Introduction
"World is suddener than we fancy it," Louis MacNeice announced in his poem "Snow": "World is crazier and more of it than we think, / Incorrigibly plural . . ." So I felt, collecting the poems and stories for this issue of Ploughshares. The issue was like the great bay window in MacNeice’s poem, with the writings as surprising, as "collateral and incompatible," as the snow and pink roses in "Snow."
The pieces I looked for dislocate ordinary language and ordinary vision, and relocate them in parables of sudden insight. The poems suggest stories while casting their song-spells; the stories tilt sentences and paragraphs into rhythmical sequences that formalize the words with which we think we are familiar from everyday speech, explanation, narration, excuse, prayer, and curse. I looked for work that would floodlight the true oddness of life in the crafted oddness of language.
A journal is a collective. That fact is both moving and revelatory.
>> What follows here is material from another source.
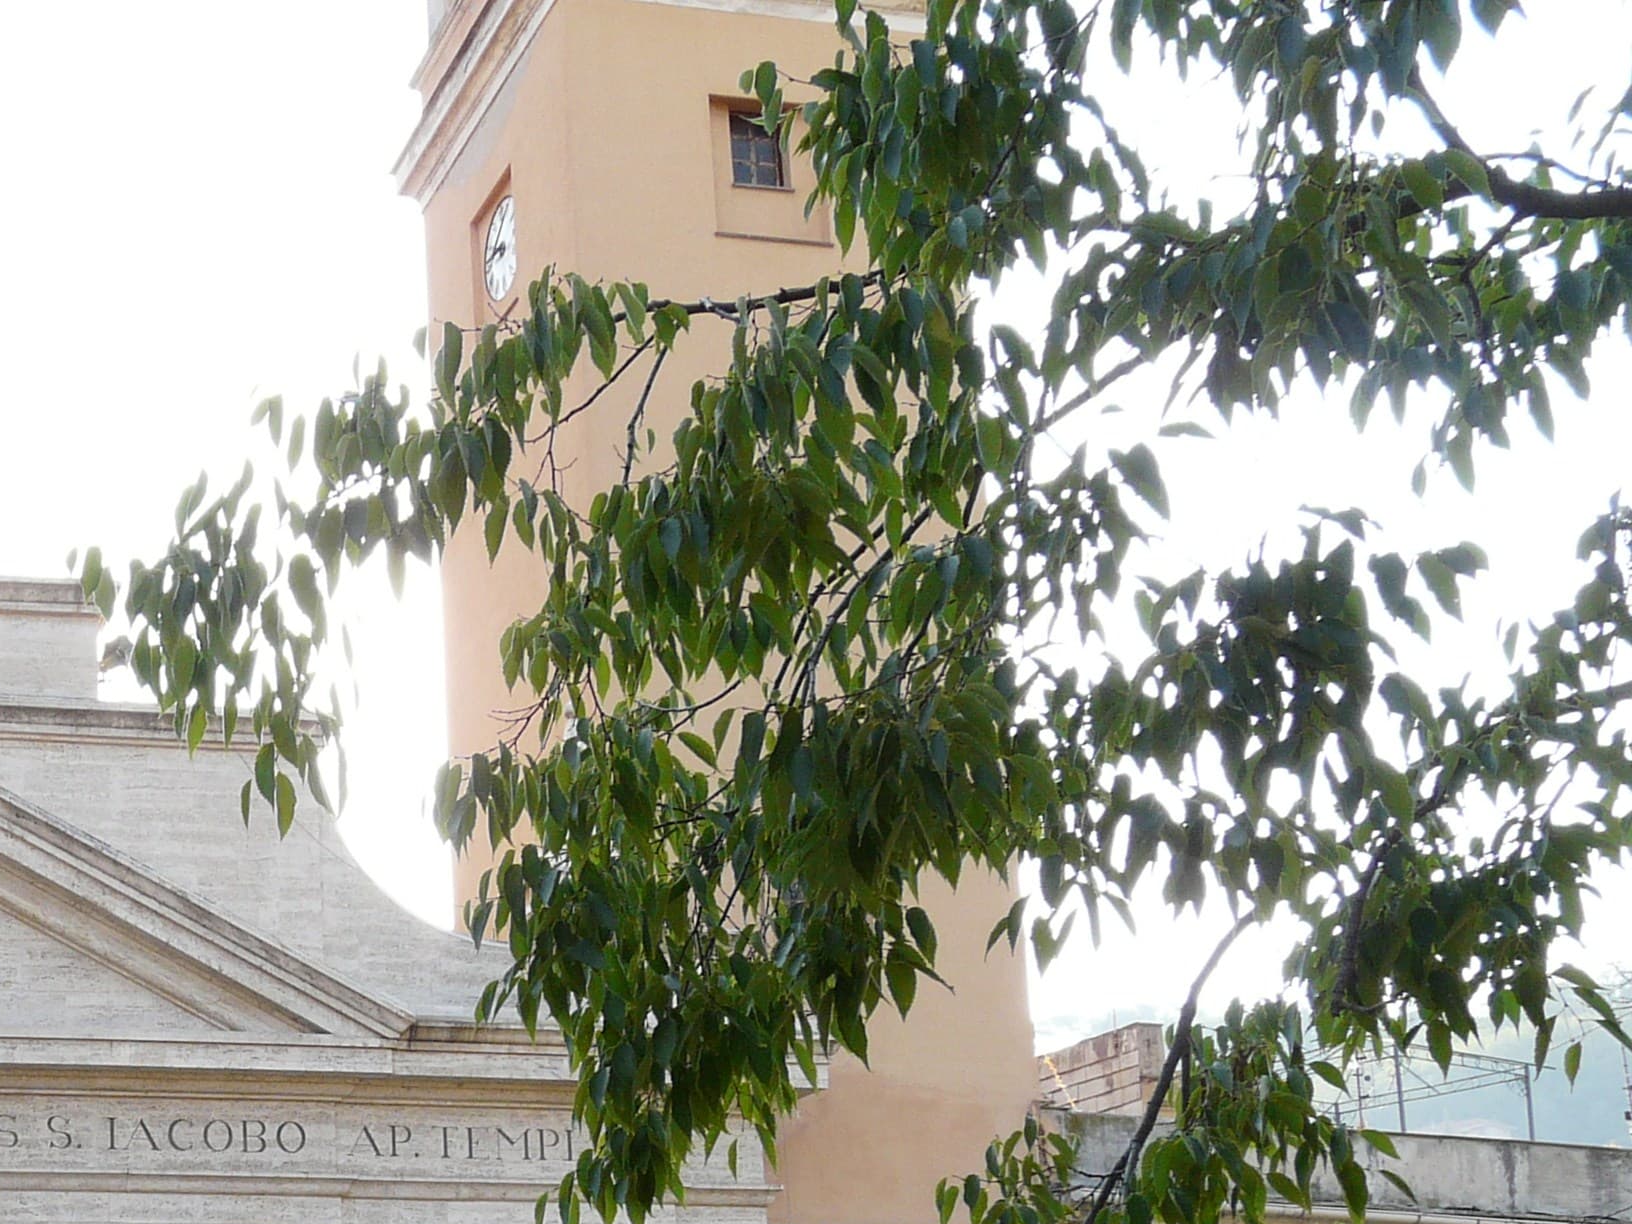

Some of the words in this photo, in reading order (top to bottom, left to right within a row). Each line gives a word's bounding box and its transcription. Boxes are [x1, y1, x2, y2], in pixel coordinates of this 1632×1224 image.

[47, 1114, 83, 1150] S.
[106, 1116, 307, 1155] IACOBO
[347, 1124, 420, 1158] AP.
Writers work alone, but they work also in the light of centuries of the art that preceded them and gave them the forms in which they make their discoveries. And they work in the light—or is it the half-light?—cast by their contemporaries. An issue of a journal pitches a camp on a long caravan route. It is a provisional way station, and in the somewhat happenstance companionships and contiguities found there, one perceives a momentary pattern in the larger imaginative trade routes of a period.
The sense of the world as "suddener" and of art as, in part, collective teaches humility. Literature is ancient, and life’s purposes outpace us: we are granted our glimpses.
Love has its triumph and death has one,
in time and the time beyond us.
We have none.
Only the sinking of stars. Silence and reflection.
Yet the song beyond the dust
will overcome our own.
So wrote Ingeborg Bachmann in "Songs in Flight" in Peter Filkins’s lovely translation. Each true work has that humility, yet echoes, too, the song beyond the dust. That is what I listened for in the poems and stories gathered here.
A note of triumph, also, sounds in a work of art well made. It has found a small order that will suffice until the next stab of vision, the next destruction. For it all must be begun again, over and over. In that perpetual beginning lies our hope, our private warrant against the world’s insanities. The French poet René Char, deeply and responsibly engaged in military resistance to the Nazi occupation of France, composed two books of poems while he was hiding out with his men and fighting from the maquis. These books, Seuls demeurent and Feuillets d’Hypnos, were published only after the conclusion of the war in the volume Fureur et mystère. From his poem "Jeunesse" (Youth) I take one of the lines by which I live, and under whose protection I would like to place this issue of Ploughshares: "Le chant finit l’exil." Song puts an end to exile. Without such faith, why would we write?
And yet there are writers, rare ones, who work from a principled faithlessness, and so the question "why" is substantial and fertile, not rhetorical. A collection of poems and stories should provoke that real question, and leave the work of answering to go on in the mind of the reader. Whose every answer will be tested by the next poem, the next story. To keep us from sleepwalking. To keep us alive to one another.